→ The data:
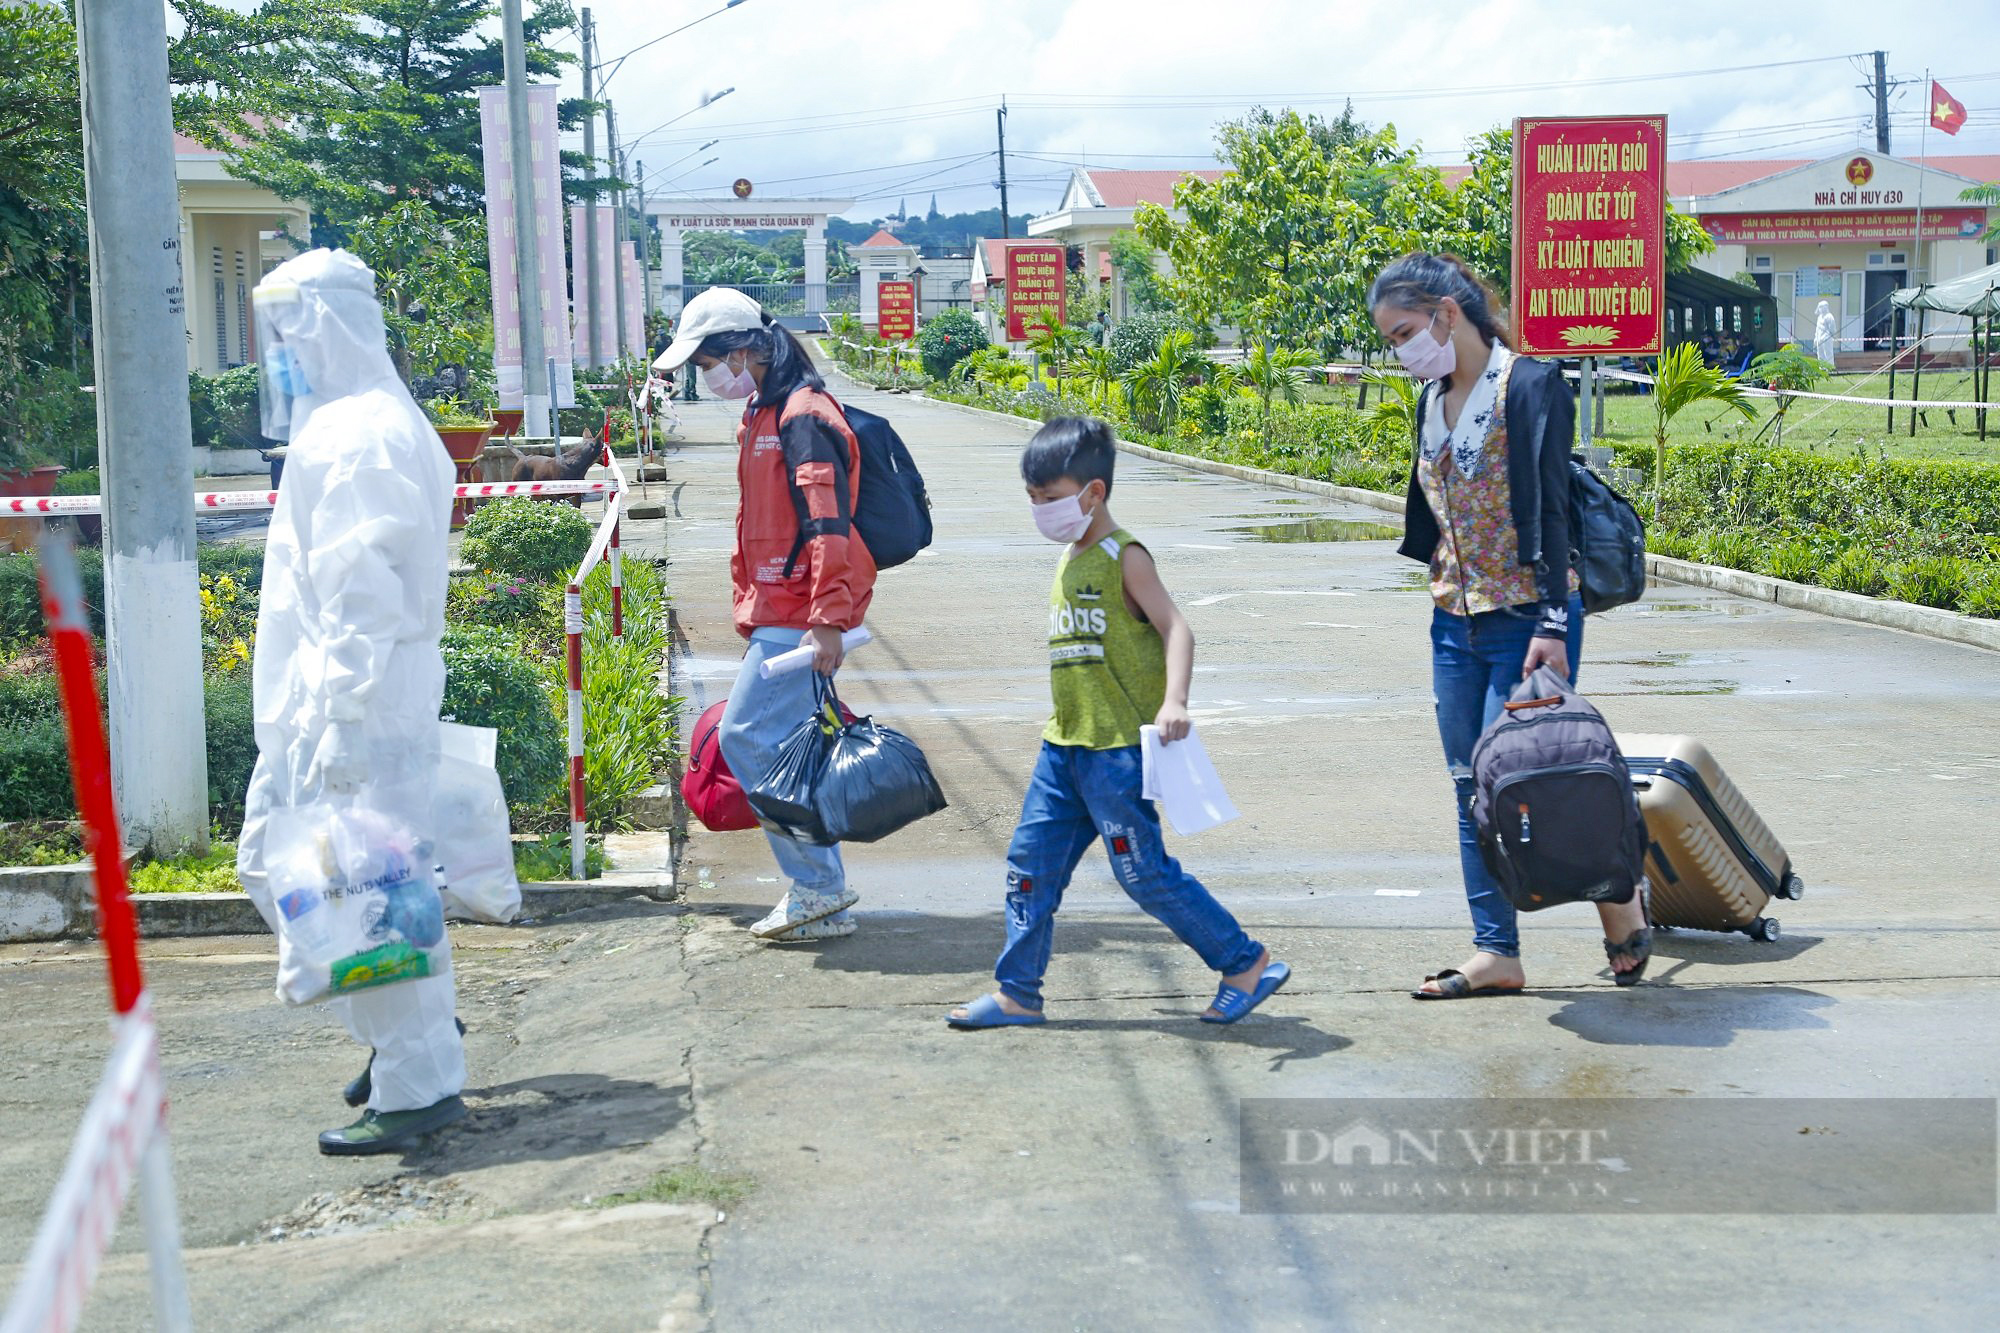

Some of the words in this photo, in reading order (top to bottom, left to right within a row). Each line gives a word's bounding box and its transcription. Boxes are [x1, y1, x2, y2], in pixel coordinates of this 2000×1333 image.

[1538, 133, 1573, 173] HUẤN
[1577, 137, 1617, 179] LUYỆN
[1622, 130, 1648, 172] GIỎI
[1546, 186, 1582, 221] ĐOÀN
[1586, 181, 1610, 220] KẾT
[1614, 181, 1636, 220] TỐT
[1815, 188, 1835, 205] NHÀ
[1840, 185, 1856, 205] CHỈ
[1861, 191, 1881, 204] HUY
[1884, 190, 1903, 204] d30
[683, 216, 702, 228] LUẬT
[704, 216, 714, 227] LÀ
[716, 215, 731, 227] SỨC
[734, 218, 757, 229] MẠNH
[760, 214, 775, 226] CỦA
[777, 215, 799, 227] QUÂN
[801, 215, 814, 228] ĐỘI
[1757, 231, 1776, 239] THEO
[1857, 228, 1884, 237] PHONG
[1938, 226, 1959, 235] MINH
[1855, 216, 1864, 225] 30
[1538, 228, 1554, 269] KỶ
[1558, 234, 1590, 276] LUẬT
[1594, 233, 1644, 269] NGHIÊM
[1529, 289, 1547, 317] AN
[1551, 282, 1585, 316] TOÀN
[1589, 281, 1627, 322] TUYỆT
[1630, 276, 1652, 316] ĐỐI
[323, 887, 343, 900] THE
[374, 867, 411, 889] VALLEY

→ Your goal:
With the pictures removed, set down every line of the listing above exactly.

→ Response to the exercise:
Some of the words in this photo, in reading order (top to bottom, left to right within a row). Each line gives a word's bounding box and its transcription. Boxes are [x1, y1, x2, y2], in pixel coordinates of this 2000×1333 image.

[1538, 133, 1573, 173] HUẤN
[1577, 137, 1617, 179] LUYỆN
[1622, 130, 1648, 172] GIỎI
[1546, 186, 1582, 221] ĐOÀN
[1586, 181, 1610, 220] KẾT
[1614, 181, 1636, 220] TỐT
[1815, 188, 1835, 205] NHÀ
[1840, 185, 1856, 205] CHỈ
[1861, 191, 1881, 204] HUY
[1884, 190, 1903, 204] d30
[683, 216, 702, 228] LUẬT
[704, 216, 714, 227] LÀ
[716, 215, 731, 227] SỨC
[734, 218, 757, 229] MẠNH
[760, 214, 775, 226] CỦA
[777, 215, 799, 227] QUÂN
[801, 215, 814, 228] ĐỘI
[1757, 231, 1776, 239] THEO
[1857, 228, 1884, 237] PHONG
[1938, 226, 1959, 235] MINH
[1855, 216, 1864, 225] 30
[1538, 228, 1554, 269] KỶ
[1558, 234, 1590, 276] LUẬT
[1594, 233, 1644, 269] NGHIÊM
[1529, 289, 1547, 317] AN
[1551, 282, 1585, 316] TOÀN
[1589, 281, 1627, 322] TUYỆT
[1630, 276, 1652, 316] ĐỐI
[323, 887, 343, 900] THE
[374, 867, 411, 889] VALLEY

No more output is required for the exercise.